Photo 1. Buxheim St. Christopher
Photo 2. Giovannino dei Grassi, Hours of Giangaleazzo Visconti
ILLUMINATED MANUSCRIPTS AND EARLY PRINTING
Christianity engulfed classical culture from the fourth century onwards. The development where the scroll from the old Roman law evolved into the velum codex, coincides with the beginning of what we know as Middle Ages. During this time, books were made primarily for the aristocracy. After becoming popular, they were called Illuminated manuscripts. The close of the medieval period is indicated by the invention of printing which it had an enormous impact. By about 1510 most European books were being made by printing. Many scribers welcomed this new method and some of them became printers with greater competency and profit.
The term Illumination means “with decoration” that sparkles when they catch the light. De Hamel, however, affirms that “the firsts medieval manuscripts had almost no decoration and even many richly decorated manuscripts do not include gold” (10). With the rise of the middle class by the fifteenth century, there was now a market for simple vernacular stories. As a result, books had to be produced.
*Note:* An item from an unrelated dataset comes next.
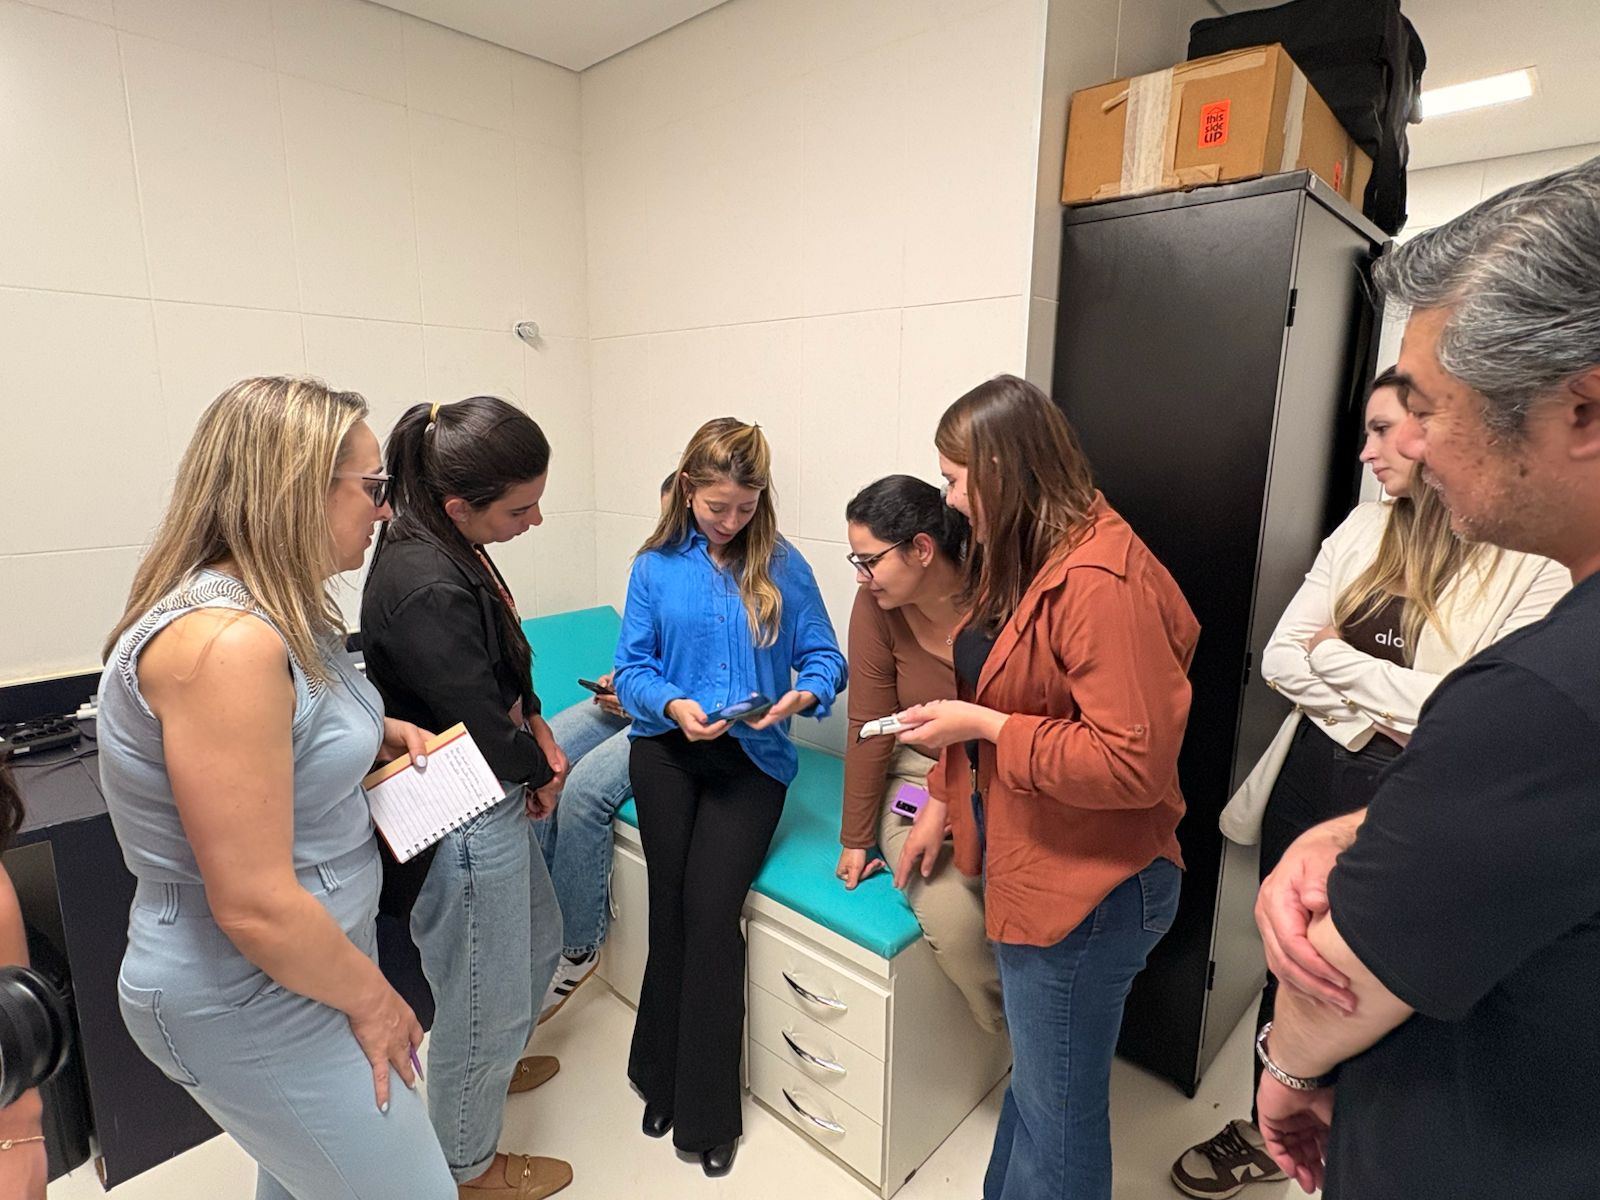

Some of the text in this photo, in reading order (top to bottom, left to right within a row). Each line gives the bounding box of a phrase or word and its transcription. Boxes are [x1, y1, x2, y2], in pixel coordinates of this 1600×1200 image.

[1206, 113, 1223, 124] this
[1205, 122, 1223, 133] side
[1204, 131, 1223, 143] UP
[1375, 628, 1405, 648] alo
The most popular text of all was the Book of Hours, a standard series of prayers and psalms intended for recitation at eight canonical ‘hours’ of the day. They were made for ordinary people. The need for abnormal numbers of copy led to many new methods of mass-producing. Furthermore, the book was intended for use at home rather than in a church. No one knows how many Books of Hours still exist, as they are scattered around the world more than any other object made in the Middle Ages.
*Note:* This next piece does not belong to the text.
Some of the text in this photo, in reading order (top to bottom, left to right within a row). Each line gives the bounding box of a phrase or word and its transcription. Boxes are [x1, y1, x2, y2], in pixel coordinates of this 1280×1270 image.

There are other reasons why people needed books. One was the fear of a sudden death that was really a concern in the Middle Ages, as plague and warfare were always imminent. The Office of the Dead, inside the Book of Hours, shows this obsessive fascination with death. It comprises further psalms and readings primarily intended “to be said around the bier of a dead person, but also recited daily as a reminder of one’s mortality and, as some thought, as a protection against dying suddenly and unprepared” (C. de Hamel).
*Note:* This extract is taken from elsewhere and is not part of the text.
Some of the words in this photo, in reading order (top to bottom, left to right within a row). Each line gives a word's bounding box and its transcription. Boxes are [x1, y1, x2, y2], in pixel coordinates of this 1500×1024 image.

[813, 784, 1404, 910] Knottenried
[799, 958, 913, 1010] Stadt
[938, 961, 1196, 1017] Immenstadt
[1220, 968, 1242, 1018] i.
The other one reason was certainly the individualism of religion. The Book of Hours was not an official Church service book of any kind but a compendium largely made by secular book-sellers for use at home by the laity. Their makers added in the books what it was required by the customer rather than some Church authority. It was extremely popular, and families who had never owned a book, went out to purchase a Book of Hours.
Books were also made for ideological and political propaganda purposes. Giangaleazzo Visconti, who commissioned the Book of Hours, was the most ambitious and probably the cleverest member of a powerful family. The Visconti ruled Milan for more than a century. He became the sole ruler of the County of Milan in 1385. In addition, he launched a campaign of territorial expansion that brought all Lombardy and Emilia under his rule and carried his power to the gates of Florence. Alexander says that “his concern for the acceptance of his authority led him to display his heraldic devices and mottoes on all occasions” (143). The armorials often radiate light as dazzling as the symbols of God and the saints.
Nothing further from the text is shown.